To do → Go through the lines below and repeat each one exactly, skipping pictures.

(Records contained in a dataset)
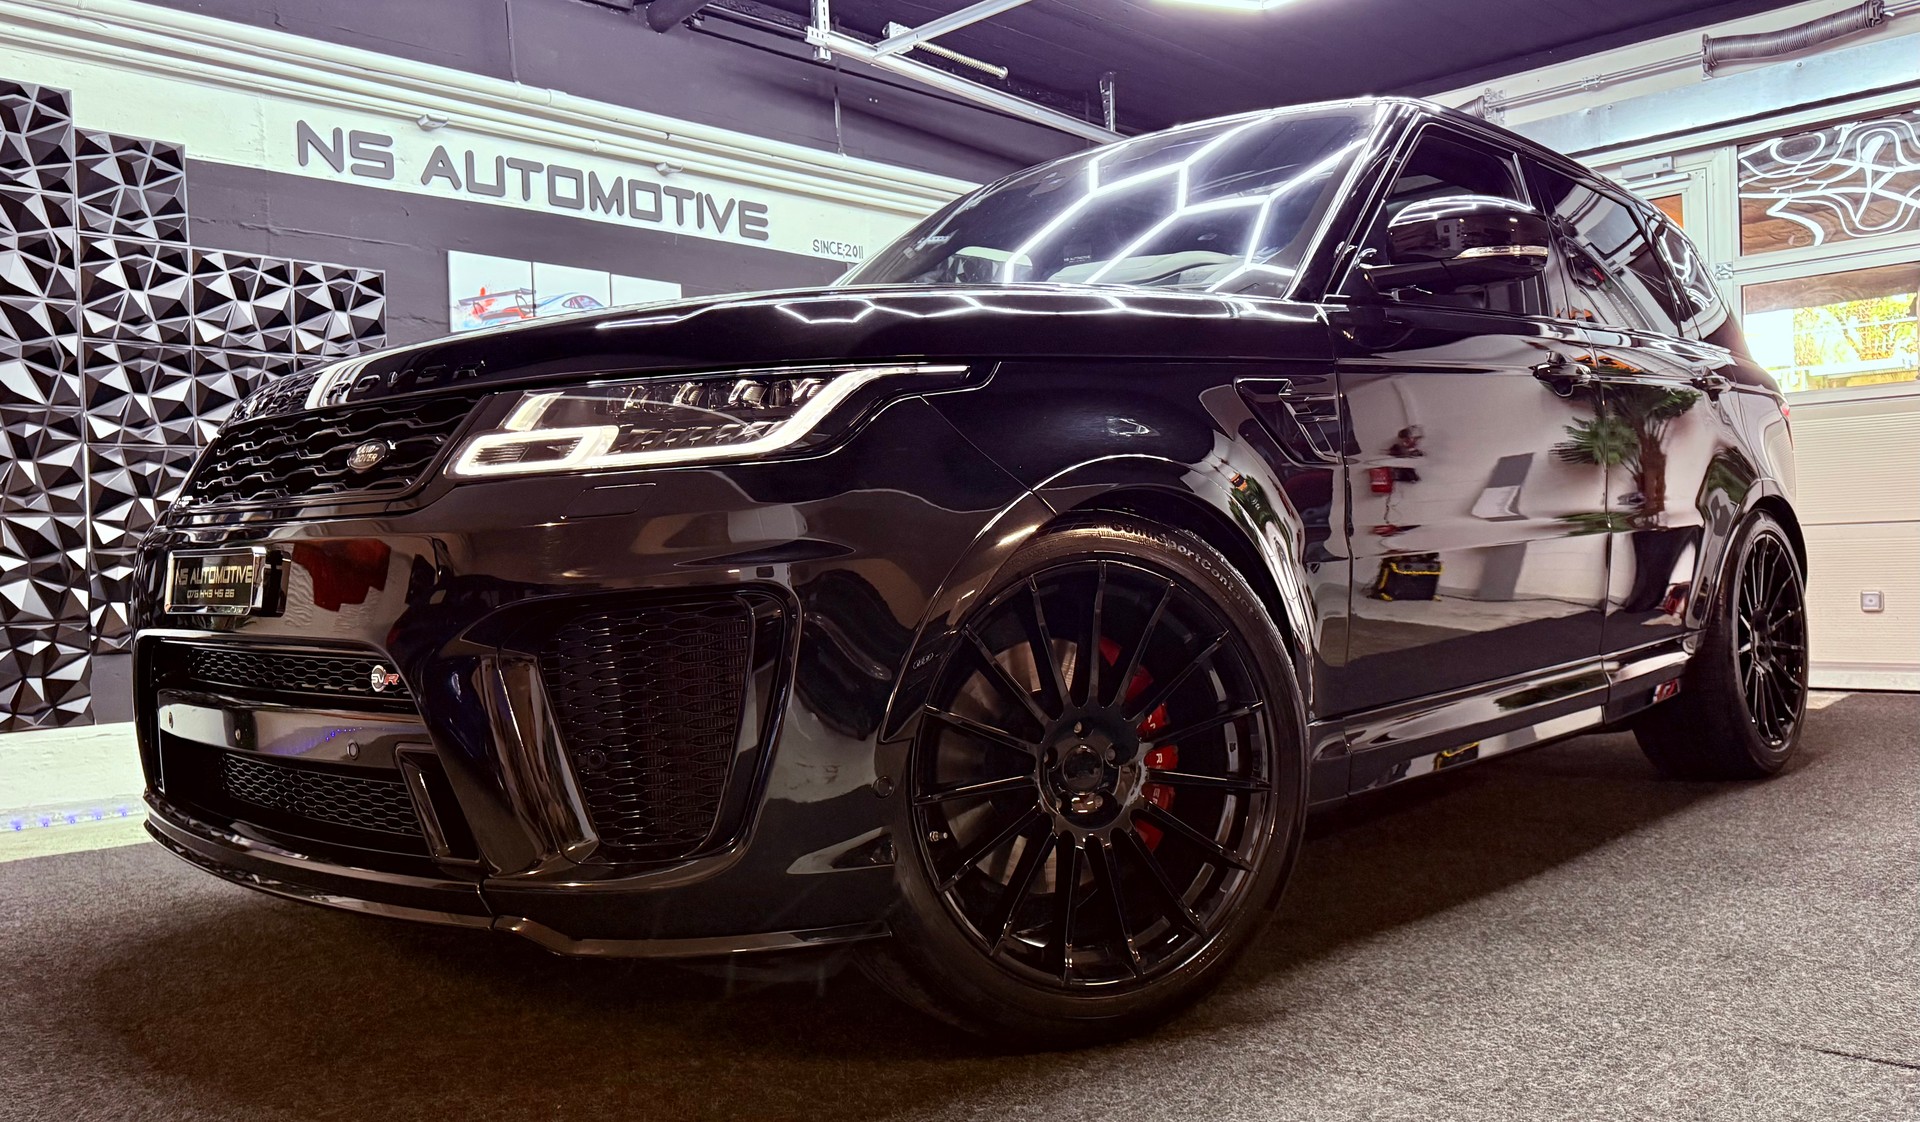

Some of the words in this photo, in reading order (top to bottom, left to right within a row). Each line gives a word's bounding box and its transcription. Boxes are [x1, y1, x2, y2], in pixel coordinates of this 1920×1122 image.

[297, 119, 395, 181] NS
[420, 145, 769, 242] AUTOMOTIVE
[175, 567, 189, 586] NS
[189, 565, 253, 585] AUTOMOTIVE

Problem solution →
Some of the words in this photo, in reading order (top to bottom, left to right within a row). Each line gives a word's bounding box and its transcription. Boxes are [x1, y1, x2, y2], in pixel coordinates of this 1920×1122 image.

[297, 119, 395, 181] NS
[420, 145, 769, 242] AUTOMOTIVE
[175, 567, 189, 586] NS
[189, 565, 253, 585] AUTOMOTIVE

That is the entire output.